◆ WHAT NEEDS TO BE DONE
Each record should be written out exactly as given.

(Excerpts from a dataset)
--- START ---

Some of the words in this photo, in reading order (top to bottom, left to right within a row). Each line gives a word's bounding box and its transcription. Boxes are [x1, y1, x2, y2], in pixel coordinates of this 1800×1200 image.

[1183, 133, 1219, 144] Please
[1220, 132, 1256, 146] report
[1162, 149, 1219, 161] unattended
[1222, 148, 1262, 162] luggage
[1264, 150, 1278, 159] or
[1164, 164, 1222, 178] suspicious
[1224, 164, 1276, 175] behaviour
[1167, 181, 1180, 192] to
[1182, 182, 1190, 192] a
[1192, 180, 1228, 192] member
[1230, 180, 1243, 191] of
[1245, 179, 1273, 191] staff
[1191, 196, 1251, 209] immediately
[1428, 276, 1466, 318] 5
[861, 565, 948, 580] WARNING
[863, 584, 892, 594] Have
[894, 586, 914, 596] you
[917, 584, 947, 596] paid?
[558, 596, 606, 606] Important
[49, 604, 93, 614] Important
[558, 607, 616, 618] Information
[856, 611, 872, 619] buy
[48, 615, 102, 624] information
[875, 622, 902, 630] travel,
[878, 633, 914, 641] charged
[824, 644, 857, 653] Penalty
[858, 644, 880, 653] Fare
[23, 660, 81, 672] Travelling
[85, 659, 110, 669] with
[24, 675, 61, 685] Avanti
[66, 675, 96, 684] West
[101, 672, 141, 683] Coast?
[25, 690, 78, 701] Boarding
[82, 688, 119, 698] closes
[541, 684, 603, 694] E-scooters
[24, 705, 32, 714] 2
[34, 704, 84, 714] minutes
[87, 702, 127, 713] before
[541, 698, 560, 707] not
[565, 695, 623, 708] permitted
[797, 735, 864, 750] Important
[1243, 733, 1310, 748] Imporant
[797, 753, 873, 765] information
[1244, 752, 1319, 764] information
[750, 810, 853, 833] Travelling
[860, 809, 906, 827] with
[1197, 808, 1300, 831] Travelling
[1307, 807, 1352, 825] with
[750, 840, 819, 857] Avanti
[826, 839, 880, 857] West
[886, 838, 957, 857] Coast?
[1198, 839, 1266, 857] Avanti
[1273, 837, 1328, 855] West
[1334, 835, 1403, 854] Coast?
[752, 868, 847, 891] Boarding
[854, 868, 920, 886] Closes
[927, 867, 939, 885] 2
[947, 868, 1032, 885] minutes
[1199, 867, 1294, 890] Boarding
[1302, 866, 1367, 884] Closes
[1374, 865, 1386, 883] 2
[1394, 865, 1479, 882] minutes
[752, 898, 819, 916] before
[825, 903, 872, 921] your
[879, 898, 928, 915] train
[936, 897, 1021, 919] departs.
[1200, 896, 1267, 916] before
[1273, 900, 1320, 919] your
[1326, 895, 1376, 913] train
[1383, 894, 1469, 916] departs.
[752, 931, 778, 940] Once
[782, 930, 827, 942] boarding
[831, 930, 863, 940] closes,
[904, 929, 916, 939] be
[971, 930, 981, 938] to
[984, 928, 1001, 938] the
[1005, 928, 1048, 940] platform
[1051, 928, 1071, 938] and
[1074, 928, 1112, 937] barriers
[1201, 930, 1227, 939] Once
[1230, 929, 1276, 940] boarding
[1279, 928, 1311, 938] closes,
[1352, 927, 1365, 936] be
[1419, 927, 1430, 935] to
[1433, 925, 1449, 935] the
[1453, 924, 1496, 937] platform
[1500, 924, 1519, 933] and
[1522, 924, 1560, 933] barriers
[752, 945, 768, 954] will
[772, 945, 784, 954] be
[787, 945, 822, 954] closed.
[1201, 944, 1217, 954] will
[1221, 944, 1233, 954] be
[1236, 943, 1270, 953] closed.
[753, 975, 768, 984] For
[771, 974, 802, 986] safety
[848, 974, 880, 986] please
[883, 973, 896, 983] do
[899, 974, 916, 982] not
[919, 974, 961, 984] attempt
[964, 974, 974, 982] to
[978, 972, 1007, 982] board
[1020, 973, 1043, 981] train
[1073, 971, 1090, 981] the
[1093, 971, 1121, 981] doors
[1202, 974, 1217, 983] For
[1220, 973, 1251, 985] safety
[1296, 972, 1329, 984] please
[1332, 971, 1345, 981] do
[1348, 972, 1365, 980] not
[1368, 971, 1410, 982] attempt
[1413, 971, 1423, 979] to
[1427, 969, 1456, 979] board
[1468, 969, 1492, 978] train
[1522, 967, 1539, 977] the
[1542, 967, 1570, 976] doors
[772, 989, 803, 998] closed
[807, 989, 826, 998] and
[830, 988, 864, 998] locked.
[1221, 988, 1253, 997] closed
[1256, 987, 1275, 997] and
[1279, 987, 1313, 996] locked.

--- END ---

◆ WRITTEN ANSWER
Some of the words in this photo, in reading order (top to bottom, left to right within a row). Each line gives a word's bounding box and its transcription. Boxes are [x1, y1, x2, y2], in pixel coordinates of this 1800×1200 image.

[1183, 133, 1219, 144] Please
[1220, 132, 1256, 146] report
[1162, 149, 1219, 161] unattended
[1222, 148, 1262, 162] luggage
[1264, 150, 1278, 159] or
[1164, 164, 1222, 178] suspicious
[1224, 164, 1276, 175] behaviour
[1167, 181, 1180, 192] to
[1182, 182, 1190, 192] a
[1192, 180, 1228, 192] member
[1230, 180, 1243, 191] of
[1245, 179, 1273, 191] staff
[1191, 196, 1251, 209] immediately
[1428, 276, 1466, 318] 5
[861, 565, 948, 580] WARNING
[863, 584, 892, 594] Have
[894, 586, 914, 596] you
[917, 584, 947, 596] paid?
[558, 596, 606, 606] Important
[49, 604, 93, 614] Important
[558, 607, 616, 618] Information
[856, 611, 872, 619] buy
[48, 615, 102, 624] information
[875, 622, 902, 630] travel,
[878, 633, 914, 641] charged
[824, 644, 857, 653] Penalty
[858, 644, 880, 653] Fare
[23, 660, 81, 672] Travelling
[85, 659, 110, 669] with
[24, 675, 61, 685] Avanti
[66, 675, 96, 684] West
[101, 672, 141, 683] Coast?
[25, 690, 78, 701] Boarding
[82, 688, 119, 698] closes
[541, 684, 603, 694] E-scooters
[24, 705, 32, 714] 2
[34, 704, 84, 714] minutes
[87, 702, 127, 713] before
[541, 698, 560, 707] not
[565, 695, 623, 708] permitted
[797, 735, 864, 750] Important
[1243, 733, 1310, 748] Imporant
[797, 753, 873, 765] information
[1244, 752, 1319, 764] information
[750, 810, 853, 833] Travelling
[860, 809, 906, 827] with
[1197, 808, 1300, 831] Travelling
[1307, 807, 1352, 825] with
[750, 840, 819, 857] Avanti
[826, 839, 880, 857] West
[886, 838, 957, 857] Coast?
[1198, 839, 1266, 857] Avanti
[1273, 837, 1328, 855] West
[1334, 835, 1403, 854] Coast?
[752, 868, 847, 891] Boarding
[854, 868, 920, 886] Closes
[927, 867, 939, 885] 2
[947, 868, 1032, 885] minutes
[1199, 867, 1294, 890] Boarding
[1302, 866, 1367, 884] Closes
[1374, 865, 1386, 883] 2
[1394, 865, 1479, 882] minutes
[752, 898, 819, 916] before
[825, 903, 872, 921] your
[879, 898, 928, 915] train
[936, 897, 1021, 919] departs.
[1200, 896, 1267, 916] before
[1273, 900, 1320, 919] your
[1326, 895, 1376, 913] train
[1383, 894, 1469, 916] departs.
[752, 931, 778, 940] Once
[782, 930, 827, 942] boarding
[831, 930, 863, 940] closes,
[904, 929, 916, 939] be
[971, 930, 981, 938] to
[984, 928, 1001, 938] the
[1005, 928, 1048, 940] platform
[1051, 928, 1071, 938] and
[1074, 928, 1112, 937] barriers
[1201, 930, 1227, 939] Once
[1230, 929, 1276, 940] boarding
[1279, 928, 1311, 938] closes,
[1352, 927, 1365, 936] be
[1419, 927, 1430, 935] to
[1433, 925, 1449, 935] the
[1453, 924, 1496, 937] platform
[1500, 924, 1519, 933] and
[1522, 924, 1560, 933] barriers
[752, 945, 768, 954] will
[772, 945, 784, 954] be
[787, 945, 822, 954] closed.
[1201, 944, 1217, 954] will
[1221, 944, 1233, 954] be
[1236, 943, 1270, 953] closed.
[753, 975, 768, 984] For
[771, 974, 802, 986] safety
[848, 974, 880, 986] please
[883, 973, 896, 983] do
[899, 974, 916, 982] not
[919, 974, 961, 984] attempt
[964, 974, 974, 982] to
[978, 972, 1007, 982] board
[1020, 973, 1043, 981] train
[1073, 971, 1090, 981] the
[1093, 971, 1121, 981] doors
[1202, 974, 1217, 983] For
[1220, 973, 1251, 985] safety
[1296, 972, 1329, 984] please
[1332, 971, 1345, 981] do
[1348, 972, 1365, 980] not
[1368, 971, 1410, 982] attempt
[1413, 971, 1423, 979] to
[1427, 969, 1456, 979] board
[1468, 969, 1492, 978] train
[1522, 967, 1539, 977] the
[1542, 967, 1570, 976] doors
[772, 989, 803, 998] closed
[807, 989, 826, 998] and
[830, 988, 864, 998] locked.
[1221, 988, 1253, 997] closed
[1256, 987, 1275, 997] and
[1279, 987, 1313, 996] locked.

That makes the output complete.